** Task instructions **
Nothing is to be altered. Print each record in full.

** Working data **
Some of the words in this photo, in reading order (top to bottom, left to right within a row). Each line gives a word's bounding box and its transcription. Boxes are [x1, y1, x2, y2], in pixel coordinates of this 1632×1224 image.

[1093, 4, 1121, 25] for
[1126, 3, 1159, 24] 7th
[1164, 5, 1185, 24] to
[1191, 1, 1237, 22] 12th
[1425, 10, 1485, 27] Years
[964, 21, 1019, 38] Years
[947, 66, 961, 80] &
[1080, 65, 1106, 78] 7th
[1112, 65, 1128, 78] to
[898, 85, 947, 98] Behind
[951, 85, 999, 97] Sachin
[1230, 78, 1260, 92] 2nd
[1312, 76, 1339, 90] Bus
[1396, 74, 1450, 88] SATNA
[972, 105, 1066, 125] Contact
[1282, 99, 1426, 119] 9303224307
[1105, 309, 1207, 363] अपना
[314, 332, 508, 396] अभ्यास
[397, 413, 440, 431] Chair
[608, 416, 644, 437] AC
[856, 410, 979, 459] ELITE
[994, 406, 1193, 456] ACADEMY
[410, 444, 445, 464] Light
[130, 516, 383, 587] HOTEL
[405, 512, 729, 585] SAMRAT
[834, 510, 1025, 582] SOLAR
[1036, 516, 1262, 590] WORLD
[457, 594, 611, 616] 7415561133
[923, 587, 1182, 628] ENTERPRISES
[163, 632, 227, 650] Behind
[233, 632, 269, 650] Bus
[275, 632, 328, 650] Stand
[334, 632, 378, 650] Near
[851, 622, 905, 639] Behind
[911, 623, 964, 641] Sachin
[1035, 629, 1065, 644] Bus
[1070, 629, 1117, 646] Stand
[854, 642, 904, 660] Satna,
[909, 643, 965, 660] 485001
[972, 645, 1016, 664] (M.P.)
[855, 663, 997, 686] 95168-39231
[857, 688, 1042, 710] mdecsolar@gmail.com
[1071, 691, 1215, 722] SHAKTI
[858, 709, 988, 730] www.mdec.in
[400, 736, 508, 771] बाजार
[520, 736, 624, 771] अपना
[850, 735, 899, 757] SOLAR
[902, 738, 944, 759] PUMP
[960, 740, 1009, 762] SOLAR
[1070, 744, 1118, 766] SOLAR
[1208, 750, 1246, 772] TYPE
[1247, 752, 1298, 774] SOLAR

** Answer to this task **
Some of the words in this photo, in reading order (top to bottom, left to right within a row). Each line gives a word's bounding box and its transcription. Boxes are [x1, y1, x2, y2], in pixel coordinates of this 1632×1224 image.

[1093, 4, 1121, 25] for
[1126, 3, 1159, 24] 7th
[1164, 5, 1185, 24] to
[1191, 1, 1237, 22] 12th
[1425, 10, 1485, 27] Years
[964, 21, 1019, 38] Years
[947, 66, 961, 80] &
[1080, 65, 1106, 78] 7th
[1112, 65, 1128, 78] to
[898, 85, 947, 98] Behind
[951, 85, 999, 97] Sachin
[1230, 78, 1260, 92] 2nd
[1312, 76, 1339, 90] Bus
[1396, 74, 1450, 88] SATNA
[972, 105, 1066, 125] Contact
[1282, 99, 1426, 119] 9303224307
[1105, 309, 1207, 363] अपना
[314, 332, 508, 396] अभ्यास
[397, 413, 440, 431] Chair
[608, 416, 644, 437] AC
[856, 410, 979, 459] ELITE
[994, 406, 1193, 456] ACADEMY
[410, 444, 445, 464] Light
[130, 516, 383, 587] HOTEL
[405, 512, 729, 585] SAMRAT
[834, 510, 1025, 582] SOLAR
[1036, 516, 1262, 590] WORLD
[457, 594, 611, 616] 7415561133
[923, 587, 1182, 628] ENTERPRISES
[163, 632, 227, 650] Behind
[233, 632, 269, 650] Bus
[275, 632, 328, 650] Stand
[334, 632, 378, 650] Near
[851, 622, 905, 639] Behind
[911, 623, 964, 641] Sachin
[1035, 629, 1065, 644] Bus
[1070, 629, 1117, 646] Stand
[854, 642, 904, 660] Satna,
[909, 643, 965, 660] 485001
[972, 645, 1016, 664] (M.P.)
[855, 663, 997, 686] 95168-39231
[857, 688, 1042, 710] mdecsolar@gmail.com
[1071, 691, 1215, 722] SHAKTI
[858, 709, 988, 730] www.mdec.in
[400, 736, 508, 771] बाजार
[520, 736, 624, 771] अपना
[850, 735, 899, 757] SOLAR
[902, 738, 944, 759] PUMP
[960, 740, 1009, 762] SOLAR
[1070, 744, 1118, 766] SOLAR
[1208, 750, 1246, 772] TYPE
[1247, 752, 1298, 774] SOLAR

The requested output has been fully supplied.